1. Alberta Tar Sands

Referred to as the most damaging project on the planet, it ranks top of the list. Known as ‘dirty oil’ due to it’s excessively damaging outcomes, if proposed expansion proceeds, tar sand extraction will result in the loss of vast tracts of boreal forest and muskeg peat bogs of a territory the size of England. Read more at Tar Sands Network.

2. The North Pacific Gyre

An island of garbage: A swirling island of 100m tonnes of plastic bits and bottle tops, spins clockwise from Hawaii to Japan. Also known as the Pacific trash vortex, it is estimated to be the size of Texas.

3. The Niger Delta

An area the size of Ireland is scarred by polluted rivers, air and land due to oil extraction.  Nigeria is the world’s sixth largest oil-producing nation, but with some of the worst records for ecosystem destruction and devastation. Between 1976 and 1998, over 2.5 million barrels of oil have been spilt into the Delta environment (Exxon Valdez oil spill in Alaska was only a mere 257,000 barrels). Fifty years of oil extraction in the Niger delta has left its deep scars. Oil companies operated here for decades with very little environmental supervision and the delta, notoriously beset by conflict and poverty, has been steadily pushed towards ecological disaster. Villagers struggle to live off land and water poisoned by years of oil spills, and crops fail under the acid rain caused by gas flares.

4. Deepwater mining

Deepwater mining is one of the new frontiers being explored out of sight and very much out of mind. Like deepwater oil extraction, you can’t see what is going on, but the same premise is being used: it’s another avenue of profiteering without laws stopping companies who are being economical with their practices. It is high risk, potentially very destructive and we have no understanding of the long-term implications.
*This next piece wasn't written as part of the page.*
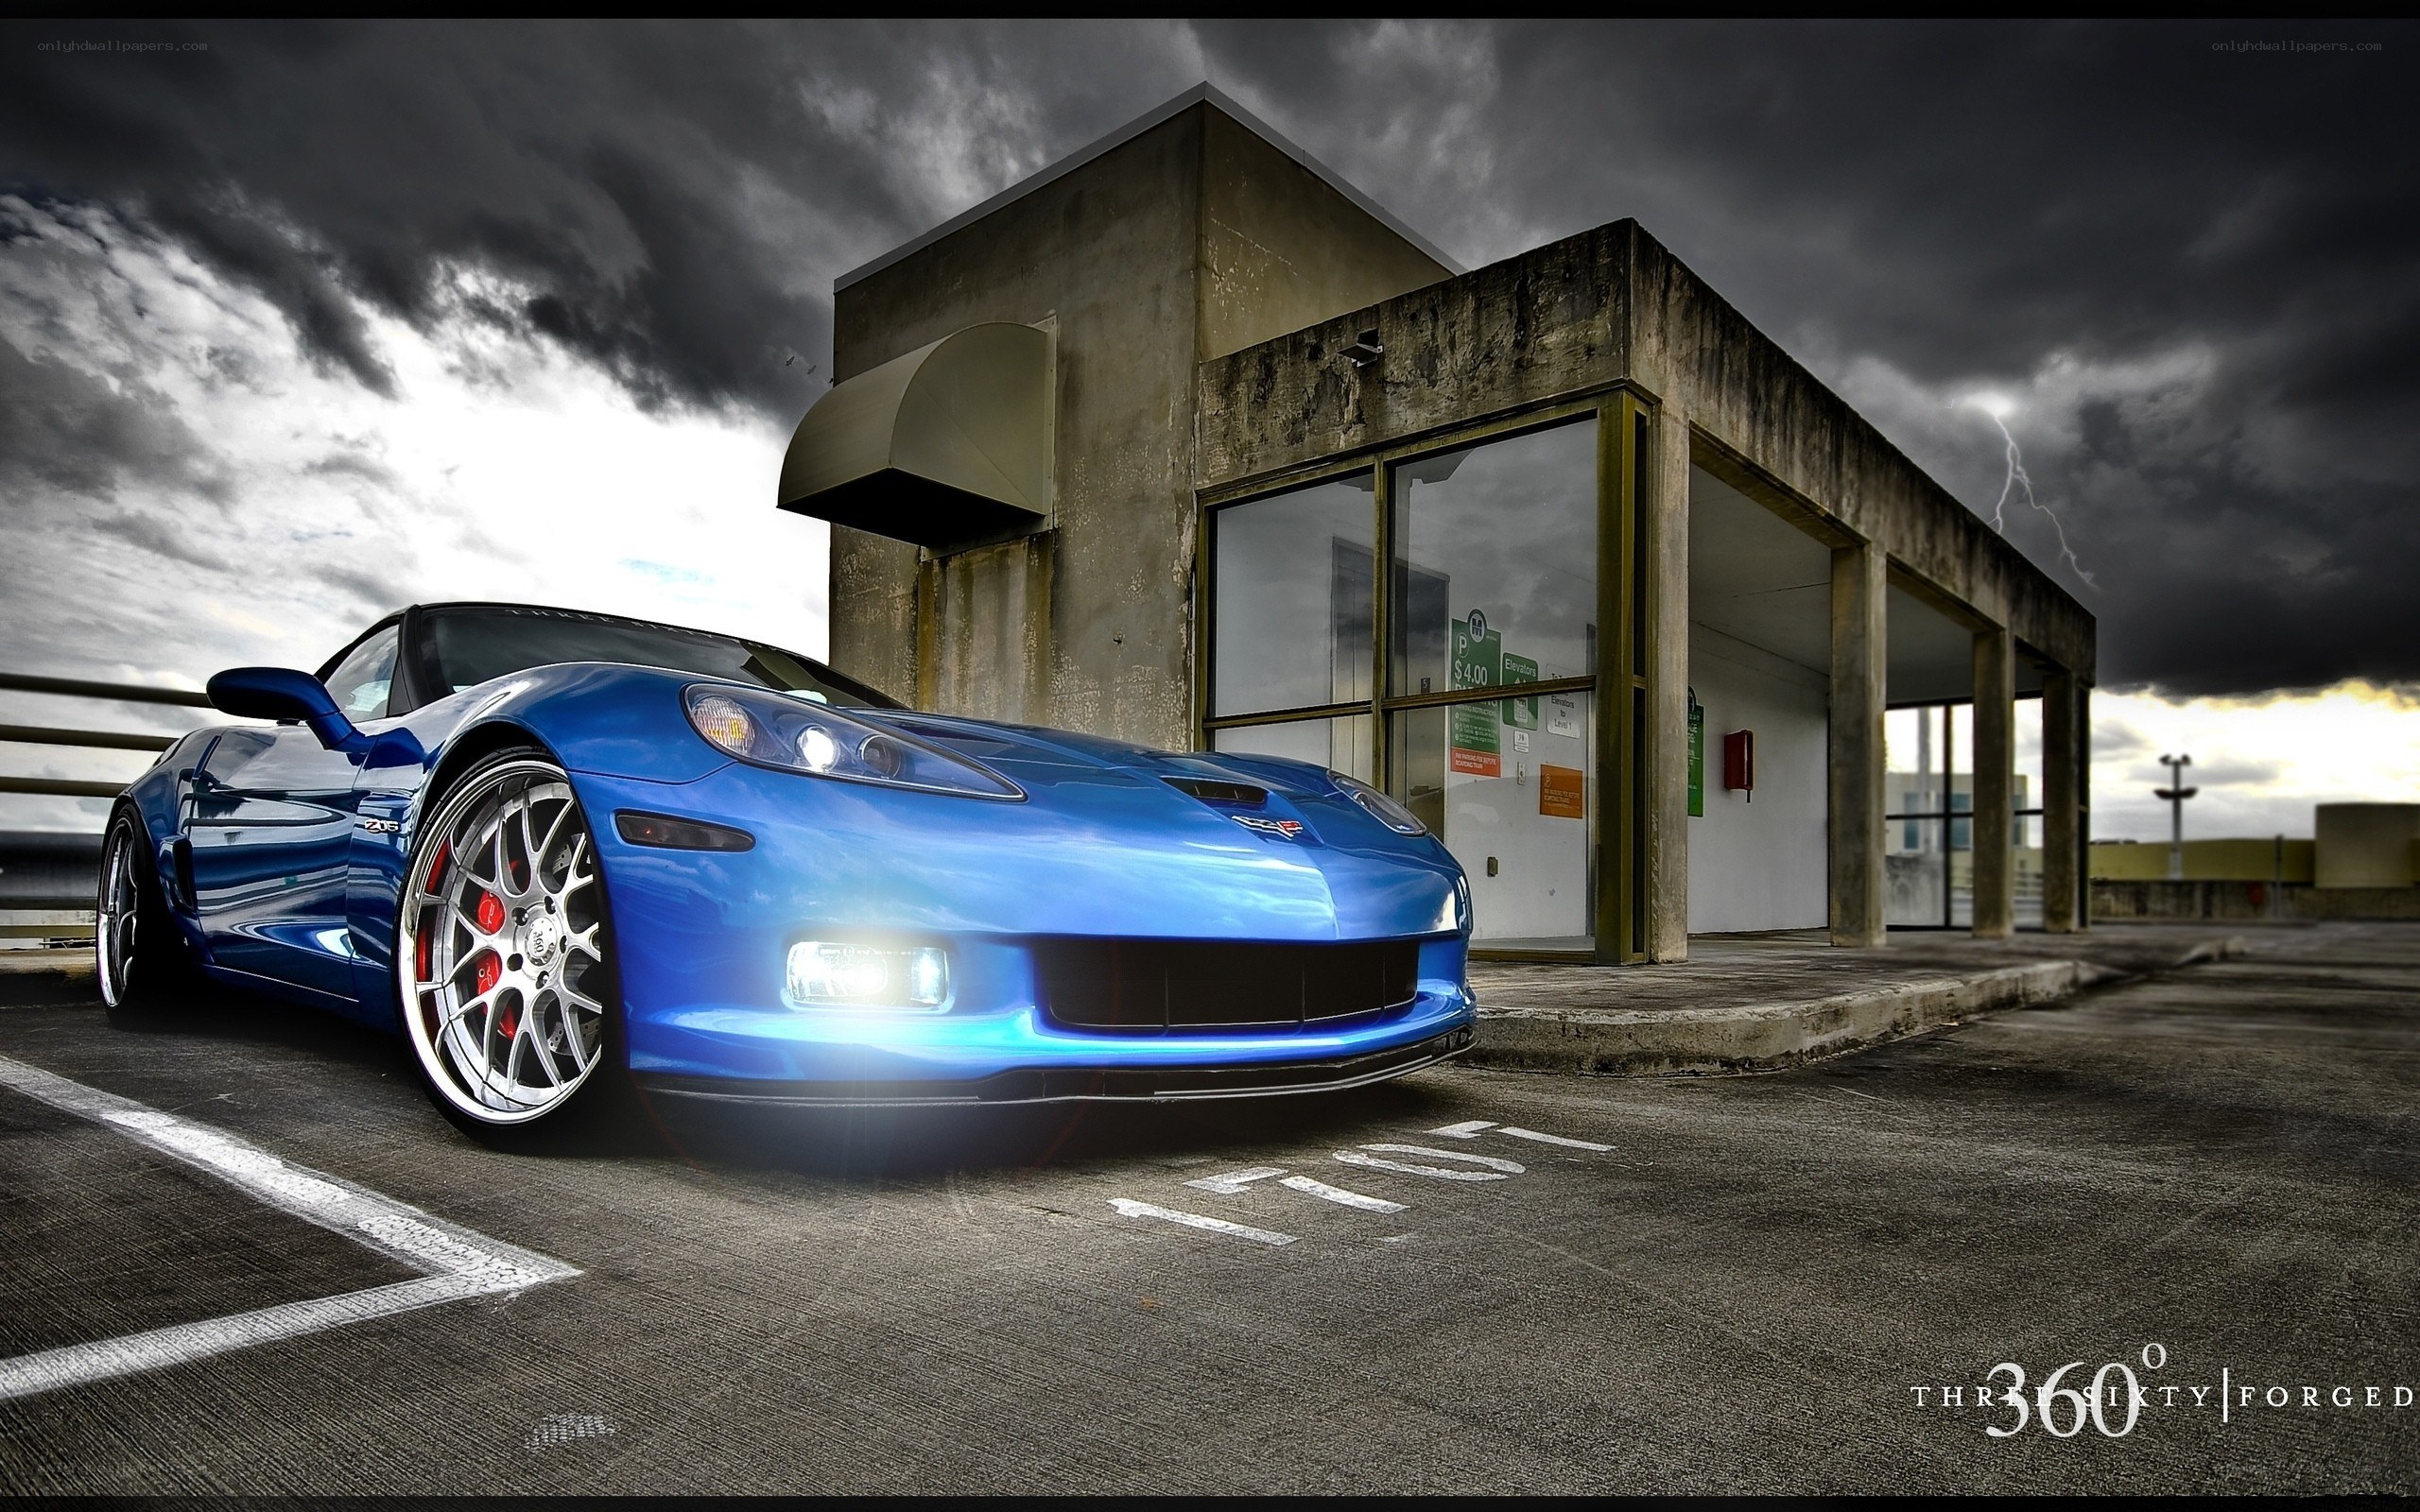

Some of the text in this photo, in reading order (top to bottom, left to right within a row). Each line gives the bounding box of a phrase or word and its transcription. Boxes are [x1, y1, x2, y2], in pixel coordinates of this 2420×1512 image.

[1505, 659, 1537, 678] Elevators
[1550, 696, 1575, 709] Elevators
[1560, 709, 1566, 718] to
[1554, 718, 1568, 730] Level
5. Lusi mud volcano, Indonesia

Lusi started to erupt in East Java, Indonesia, on May 29th 2006. It has displaced around 30,000 people from their homes and swamped 12 villages.  At a recent conference, scientists voted that gas exploration well, Banjar-Panji-1, which was being drilled the by oil and gas company called Lapindo Brantas, was the cause. Lusi is still spewing huge volumes of boiling mud over the surrounding area.
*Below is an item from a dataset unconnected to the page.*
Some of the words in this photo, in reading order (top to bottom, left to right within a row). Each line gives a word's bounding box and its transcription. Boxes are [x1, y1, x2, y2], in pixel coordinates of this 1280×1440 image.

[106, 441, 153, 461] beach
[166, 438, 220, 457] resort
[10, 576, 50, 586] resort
6. Bingham Canyon copper mine

This mine has been in production since 1906, so far stretching over an area 0.75 miles (1.2 km) deep, 2.5 miles (4 km) wide, and covering 1,900 acres (7.7 km²). It has the dubious distinction of being named the world’s largest man-made excavation.

7. Toxic dumping by Chevron Texaco in Ecuador

Thousands of residents near the company’s former oil fields, alleges Texaco Chevron, dumped roughly 18.5 billion gallons of oil-laden water into unlined pits, estuaries and rivers during its operations in Ecuador’s Oriente between 1971 and 1992. Now, with Ecuador’s recent Bill of Nature’s Right’s which has changed the legal status of nature from being simply property to being a right-bearing entity, justice may just be seen to be done for people and planet. See: Chevrontoxico

8.  Tianying, Anhui Province, China

Lead smelters and processing plants in the Tianying area and heavy metals from battery recycling factories pollute the atmosphere and environment on a daily basis. 140,000 people in the Tianying area are affected, though the spread of heavy metals is distributed throughout Anhui province. Voted one of the dirty 30 by the Blacksmith Institute. See: worstpolluted.org

9. The Amazon

The one everyone knows about: razing of the Amazonian Rainforest, a key stabiliser of the global climate system, by logging, mining, crop planting and beef production. Currently resulting in destruction, damage and loss of a territory the size of France. Almost 60% of the region’s forests could be wiped out or severely damaged by 2030

10. Oil extraction in the Arctic

The last frontier for bounty-hunters has to be the land and water that is opening up in the Arctic.  As the ice melts, so the new routes to exploitation open. Whose interests are best being served here?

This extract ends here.